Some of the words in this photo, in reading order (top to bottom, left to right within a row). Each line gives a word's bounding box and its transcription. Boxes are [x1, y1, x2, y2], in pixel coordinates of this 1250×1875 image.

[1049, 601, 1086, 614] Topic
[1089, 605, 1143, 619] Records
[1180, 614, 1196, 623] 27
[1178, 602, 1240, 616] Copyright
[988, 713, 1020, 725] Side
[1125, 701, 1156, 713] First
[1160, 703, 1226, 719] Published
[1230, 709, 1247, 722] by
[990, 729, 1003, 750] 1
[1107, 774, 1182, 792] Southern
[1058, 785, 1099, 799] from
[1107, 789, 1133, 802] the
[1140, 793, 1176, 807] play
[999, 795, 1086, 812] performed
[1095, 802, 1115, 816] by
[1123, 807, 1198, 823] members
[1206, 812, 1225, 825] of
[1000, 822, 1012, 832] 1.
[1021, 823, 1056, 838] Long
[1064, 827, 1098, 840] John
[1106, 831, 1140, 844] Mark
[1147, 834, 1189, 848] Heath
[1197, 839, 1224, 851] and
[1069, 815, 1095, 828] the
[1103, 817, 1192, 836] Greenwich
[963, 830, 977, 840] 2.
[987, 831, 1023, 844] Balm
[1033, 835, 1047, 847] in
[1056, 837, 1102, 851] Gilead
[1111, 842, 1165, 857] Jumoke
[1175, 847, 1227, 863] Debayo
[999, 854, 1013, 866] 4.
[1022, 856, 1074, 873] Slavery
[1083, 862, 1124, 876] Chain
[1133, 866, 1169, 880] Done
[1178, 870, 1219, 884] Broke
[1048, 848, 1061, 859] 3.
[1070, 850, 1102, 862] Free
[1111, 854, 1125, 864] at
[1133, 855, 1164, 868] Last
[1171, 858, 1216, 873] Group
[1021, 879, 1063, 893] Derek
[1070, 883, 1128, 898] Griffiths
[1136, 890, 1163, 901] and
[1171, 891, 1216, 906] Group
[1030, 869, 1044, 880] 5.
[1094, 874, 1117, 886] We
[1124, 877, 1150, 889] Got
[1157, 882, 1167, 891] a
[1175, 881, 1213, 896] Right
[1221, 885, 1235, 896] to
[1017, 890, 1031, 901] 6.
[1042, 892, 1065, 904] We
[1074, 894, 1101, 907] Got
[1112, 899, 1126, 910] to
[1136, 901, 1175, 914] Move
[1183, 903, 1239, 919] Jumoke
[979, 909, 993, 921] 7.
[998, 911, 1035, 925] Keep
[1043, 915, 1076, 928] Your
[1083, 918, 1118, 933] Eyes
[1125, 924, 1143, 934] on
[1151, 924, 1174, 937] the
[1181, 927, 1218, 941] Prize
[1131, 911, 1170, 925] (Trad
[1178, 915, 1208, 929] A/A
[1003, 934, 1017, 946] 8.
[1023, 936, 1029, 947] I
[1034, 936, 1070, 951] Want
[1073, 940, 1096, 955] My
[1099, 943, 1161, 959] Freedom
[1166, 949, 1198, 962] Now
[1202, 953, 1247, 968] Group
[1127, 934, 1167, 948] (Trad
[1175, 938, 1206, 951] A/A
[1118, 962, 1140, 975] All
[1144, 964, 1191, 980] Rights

○ ○ ○ ○ ○

* Work item *
Transcribe the full listing exactly, leaving out no line.

* Output *
Some of the words in this photo, in reading order (top to bottom, left to right within a row). Each line gives a word's bounding box and its transcription. Boxes are [x1, y1, x2, y2], in pixel coordinates of this 1250×1875 image.

[1049, 601, 1086, 614] Topic
[1089, 605, 1143, 619] Records
[1180, 614, 1196, 623] 27
[1178, 602, 1240, 616] Copyright
[988, 713, 1020, 725] Side
[1125, 701, 1156, 713] First
[1160, 703, 1226, 719] Published
[1230, 709, 1247, 722] by
[990, 729, 1003, 750] 1
[1107, 774, 1182, 792] Southern
[1058, 785, 1099, 799] from
[1107, 789, 1133, 802] the
[1140, 793, 1176, 807] play
[999, 795, 1086, 812] performed
[1095, 802, 1115, 816] by
[1123, 807, 1198, 823] members
[1206, 812, 1225, 825] of
[1000, 822, 1012, 832] 1.
[1021, 823, 1056, 838] Long
[1064, 827, 1098, 840] John
[1106, 831, 1140, 844] Mark
[1147, 834, 1189, 848] Heath
[1197, 839, 1224, 851] and
[1069, 815, 1095, 828] the
[1103, 817, 1192, 836] Greenwich
[963, 830, 977, 840] 2.
[987, 831, 1023, 844] Balm
[1033, 835, 1047, 847] in
[1056, 837, 1102, 851] Gilead
[1111, 842, 1165, 857] Jumoke
[1175, 847, 1227, 863] Debayo
[999, 854, 1013, 866] 4.
[1022, 856, 1074, 873] Slavery
[1083, 862, 1124, 876] Chain
[1133, 866, 1169, 880] Done
[1178, 870, 1219, 884] Broke
[1048, 848, 1061, 859] 3.
[1070, 850, 1102, 862] Free
[1111, 854, 1125, 864] at
[1133, 855, 1164, 868] Last
[1171, 858, 1216, 873] Group
[1021, 879, 1063, 893] Derek
[1070, 883, 1128, 898] Griffiths
[1136, 890, 1163, 901] and
[1171, 891, 1216, 906] Group
[1030, 869, 1044, 880] 5.
[1094, 874, 1117, 886] We
[1124, 877, 1150, 889] Got
[1157, 882, 1167, 891] a
[1175, 881, 1213, 896] Right
[1221, 885, 1235, 896] to
[1017, 890, 1031, 901] 6.
[1042, 892, 1065, 904] We
[1074, 894, 1101, 907] Got
[1112, 899, 1126, 910] to
[1136, 901, 1175, 914] Move
[1183, 903, 1239, 919] Jumoke
[979, 909, 993, 921] 7.
[998, 911, 1035, 925] Keep
[1043, 915, 1076, 928] Your
[1083, 918, 1118, 933] Eyes
[1125, 924, 1143, 934] on
[1151, 924, 1174, 937] the
[1181, 927, 1218, 941] Prize
[1131, 911, 1170, 925] (Trad
[1178, 915, 1208, 929] A/A
[1003, 934, 1017, 946] 8.
[1023, 936, 1029, 947] I
[1034, 936, 1070, 951] Want
[1073, 940, 1096, 955] My
[1099, 943, 1161, 959] Freedom
[1166, 949, 1198, 962] Now
[1202, 953, 1247, 968] Group
[1127, 934, 1167, 948] (Trad
[1175, 938, 1206, 951] A/A
[1118, 962, 1140, 975] All
[1144, 964, 1191, 980] Rights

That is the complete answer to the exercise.